_Description of the task:_
Skip the images and copy each record exactly as written.

[Dataset entries]

-*-

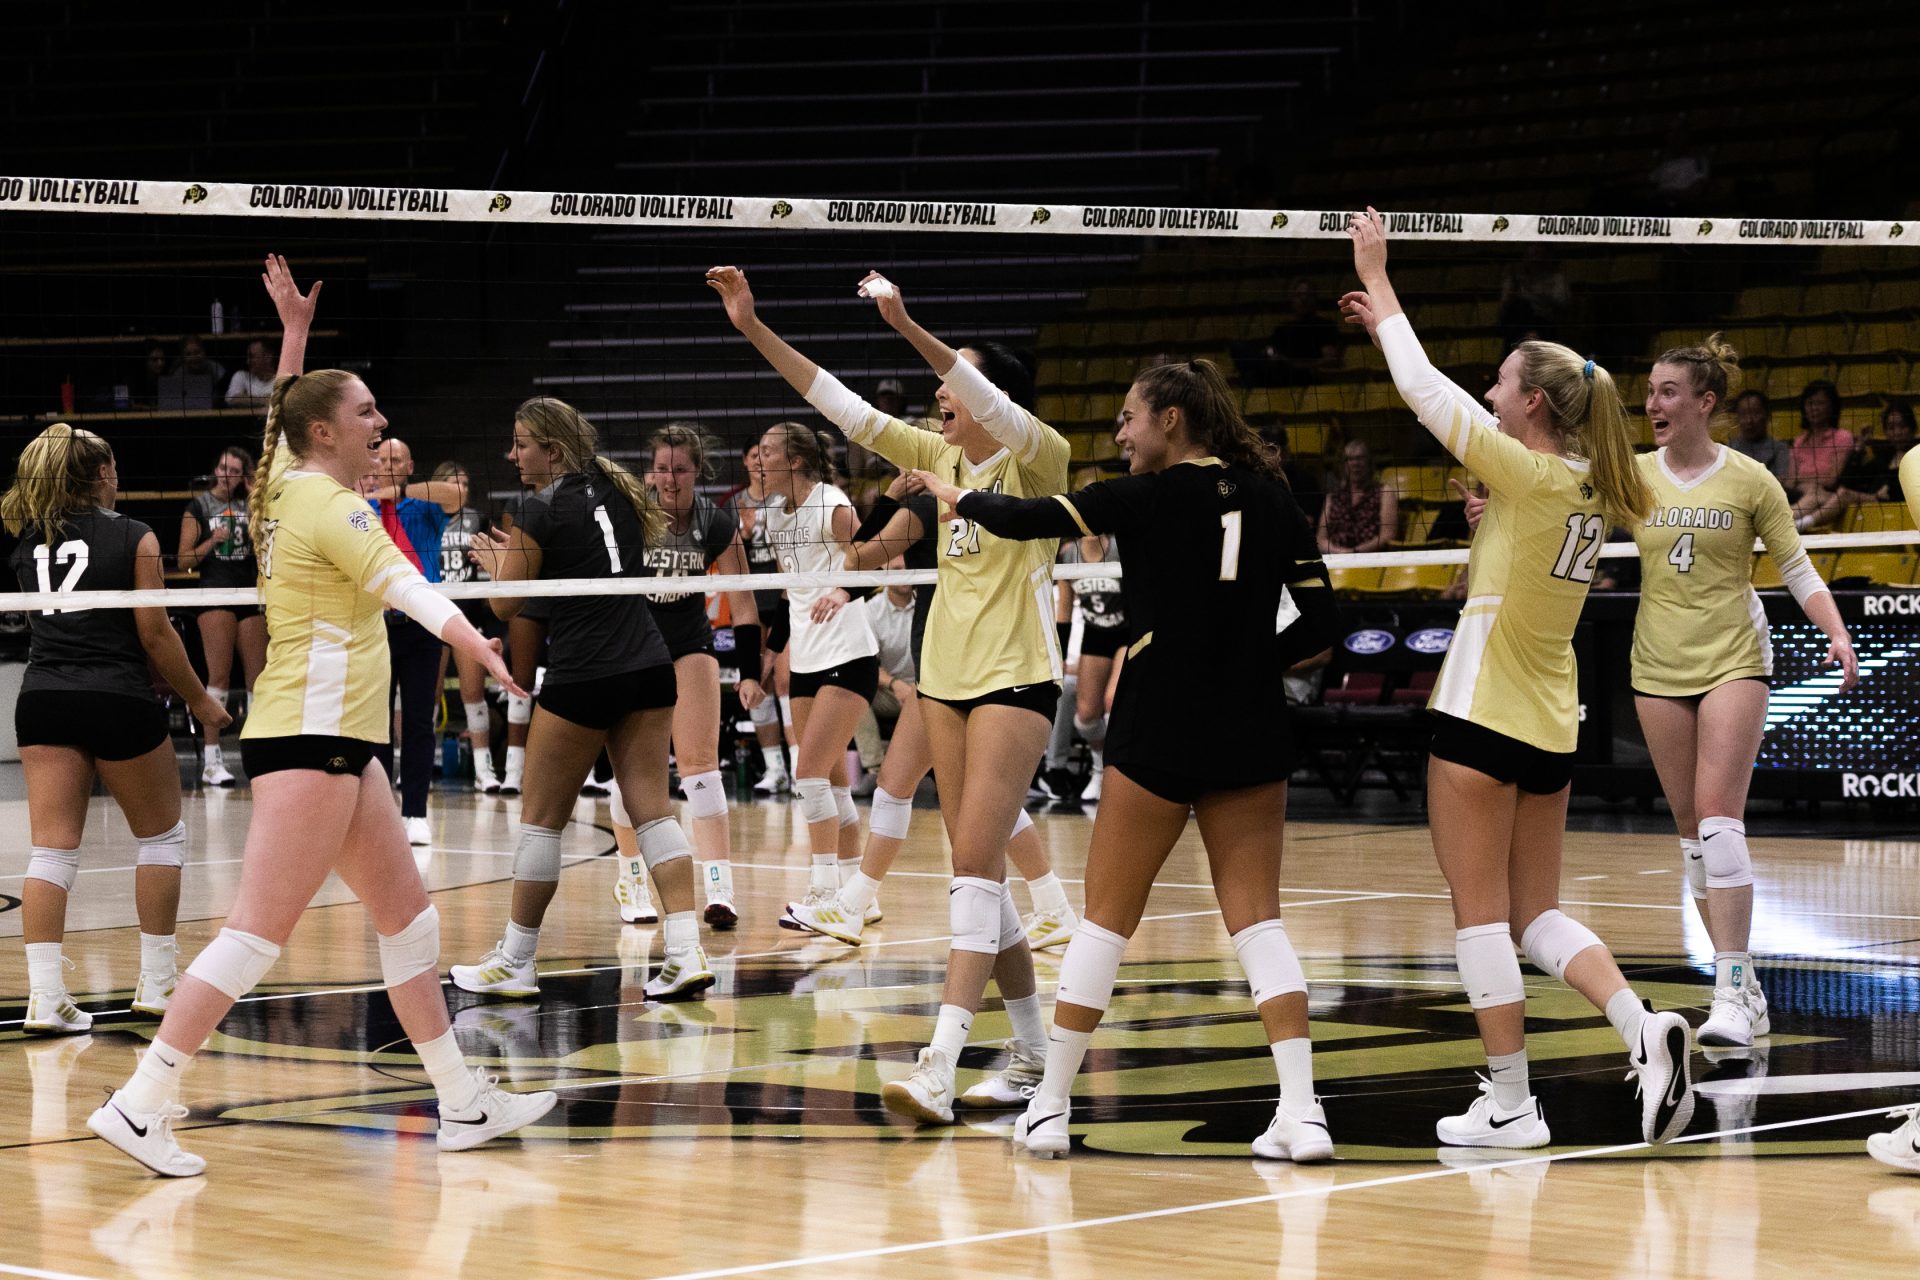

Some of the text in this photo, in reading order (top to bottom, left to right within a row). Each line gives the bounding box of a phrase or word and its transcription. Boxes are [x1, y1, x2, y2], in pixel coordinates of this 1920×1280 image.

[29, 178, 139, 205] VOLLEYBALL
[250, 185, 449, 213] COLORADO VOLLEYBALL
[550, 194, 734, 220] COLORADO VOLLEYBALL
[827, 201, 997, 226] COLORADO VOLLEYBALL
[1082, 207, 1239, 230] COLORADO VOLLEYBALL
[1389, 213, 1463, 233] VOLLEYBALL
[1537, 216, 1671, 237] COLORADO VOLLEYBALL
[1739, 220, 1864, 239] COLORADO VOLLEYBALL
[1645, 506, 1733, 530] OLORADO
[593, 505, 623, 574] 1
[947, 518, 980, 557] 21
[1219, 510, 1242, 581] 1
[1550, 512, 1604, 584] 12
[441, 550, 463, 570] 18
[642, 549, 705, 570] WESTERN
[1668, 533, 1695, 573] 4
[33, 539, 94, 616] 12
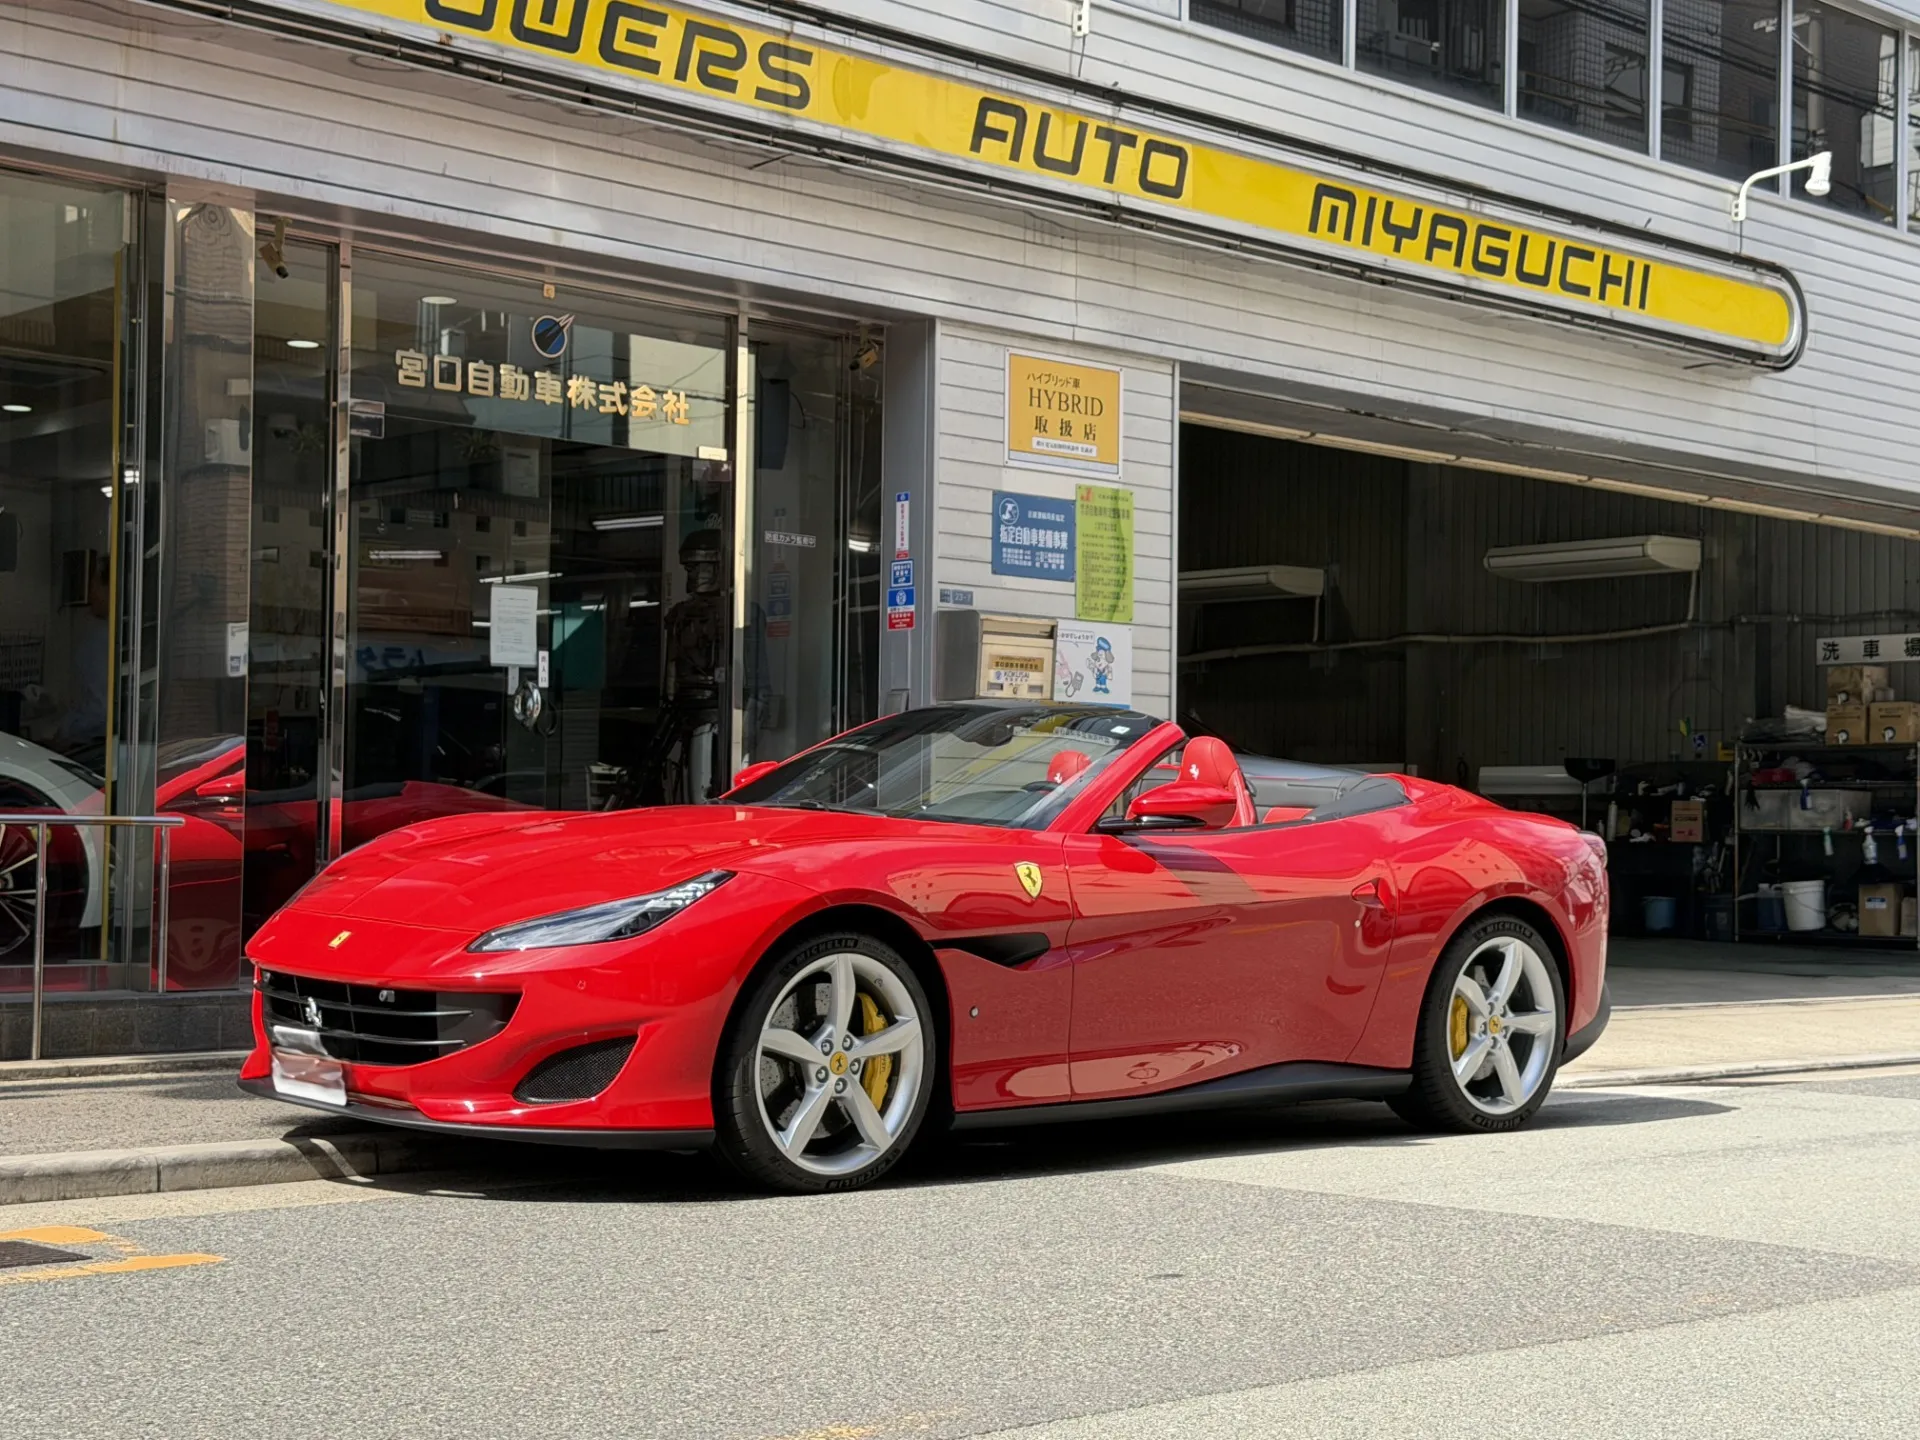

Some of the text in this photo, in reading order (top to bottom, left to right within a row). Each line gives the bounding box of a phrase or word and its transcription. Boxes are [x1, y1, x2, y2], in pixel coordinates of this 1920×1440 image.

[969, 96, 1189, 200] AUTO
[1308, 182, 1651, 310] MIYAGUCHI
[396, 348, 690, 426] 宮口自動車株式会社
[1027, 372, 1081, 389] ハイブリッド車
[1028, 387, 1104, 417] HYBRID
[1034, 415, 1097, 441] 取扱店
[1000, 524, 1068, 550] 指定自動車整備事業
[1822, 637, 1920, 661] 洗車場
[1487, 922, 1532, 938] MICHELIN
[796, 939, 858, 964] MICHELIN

-*-

_Result:_
Some of the text in this photo, in reading order (top to bottom, left to right within a row). Each line gives the bounding box of a phrase or word and its transcription. Boxes are [x1, y1, x2, y2], in pixel coordinates of this 1920×1280 image.

[29, 178, 139, 205] VOLLEYBALL
[250, 185, 449, 213] COLORADO VOLLEYBALL
[550, 194, 734, 220] COLORADO VOLLEYBALL
[827, 201, 997, 226] COLORADO VOLLEYBALL
[1082, 207, 1239, 230] COLORADO VOLLEYBALL
[1389, 213, 1463, 233] VOLLEYBALL
[1537, 216, 1671, 237] COLORADO VOLLEYBALL
[1739, 220, 1864, 239] COLORADO VOLLEYBALL
[1645, 506, 1733, 530] OLORADO
[593, 505, 623, 574] 1
[947, 518, 980, 557] 21
[1219, 510, 1242, 581] 1
[1550, 512, 1604, 584] 12
[441, 550, 463, 570] 18
[642, 549, 705, 570] WESTERN
[1668, 533, 1695, 573] 4
[33, 539, 94, 616] 12

Some of the text in this photo, in reading order (top to bottom, left to right within a row). Each line gives the bounding box of a phrase or word and its transcription. Boxes are [x1, y1, x2, y2], in pixel coordinates of this 1920×1440 image.

[969, 96, 1189, 200] AUTO
[1308, 182, 1651, 310] MIYAGUCHI
[396, 348, 690, 426] 宮口自動車株式会社
[1027, 372, 1081, 389] ハイブリッド車
[1028, 387, 1104, 417] HYBRID
[1034, 415, 1097, 441] 取扱店
[1000, 524, 1068, 550] 指定自動車整備事業
[1822, 637, 1920, 661] 洗車場
[1487, 922, 1532, 938] MICHELIN
[796, 939, 858, 964] MICHELIN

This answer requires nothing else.